═════ SOURCE DATA ═════
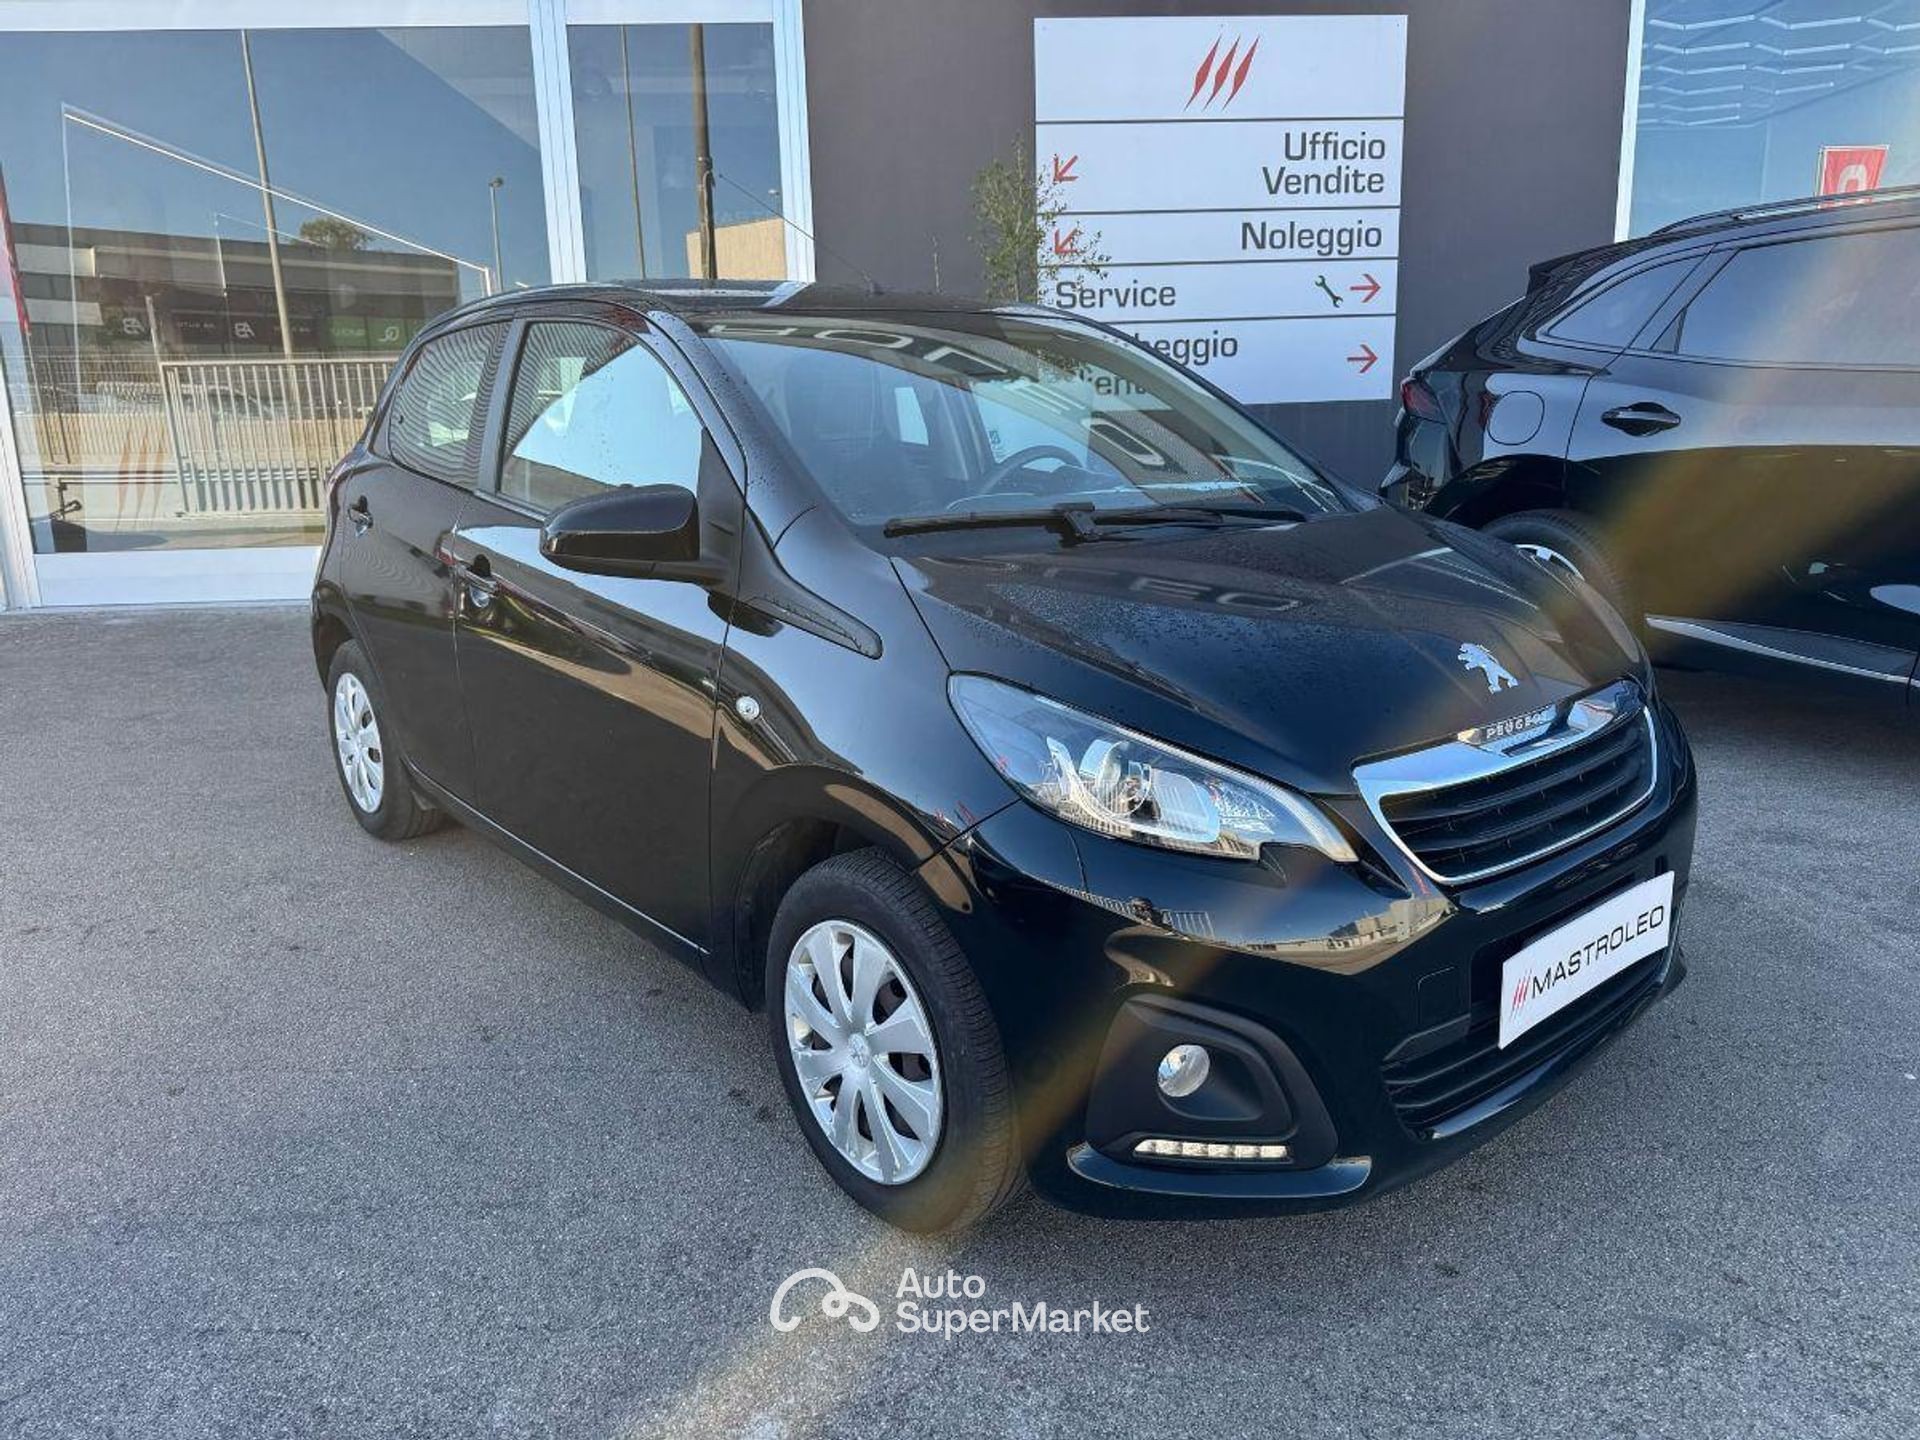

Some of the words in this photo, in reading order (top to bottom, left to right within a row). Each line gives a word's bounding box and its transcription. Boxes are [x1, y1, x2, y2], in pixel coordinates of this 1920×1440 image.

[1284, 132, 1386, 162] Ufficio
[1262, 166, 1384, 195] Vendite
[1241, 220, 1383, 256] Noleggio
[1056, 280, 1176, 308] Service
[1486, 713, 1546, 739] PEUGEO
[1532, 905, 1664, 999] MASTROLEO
═════
> **THE PROBLEM**: Each word of the data should be repeated exactly, and the pictures left out.

> **EXERCISE RESULT**:
Some of the words in this photo, in reading order (top to bottom, left to right within a row). Each line gives a word's bounding box and its transcription. Boxes are [x1, y1, x2, y2], in pixel coordinates of this 1920×1440 image.

[1284, 132, 1386, 162] Ufficio
[1262, 166, 1384, 195] Vendite
[1241, 220, 1383, 256] Noleggio
[1056, 280, 1176, 308] Service
[1486, 713, 1546, 739] PEUGEO
[1532, 905, 1664, 999] MASTROLEO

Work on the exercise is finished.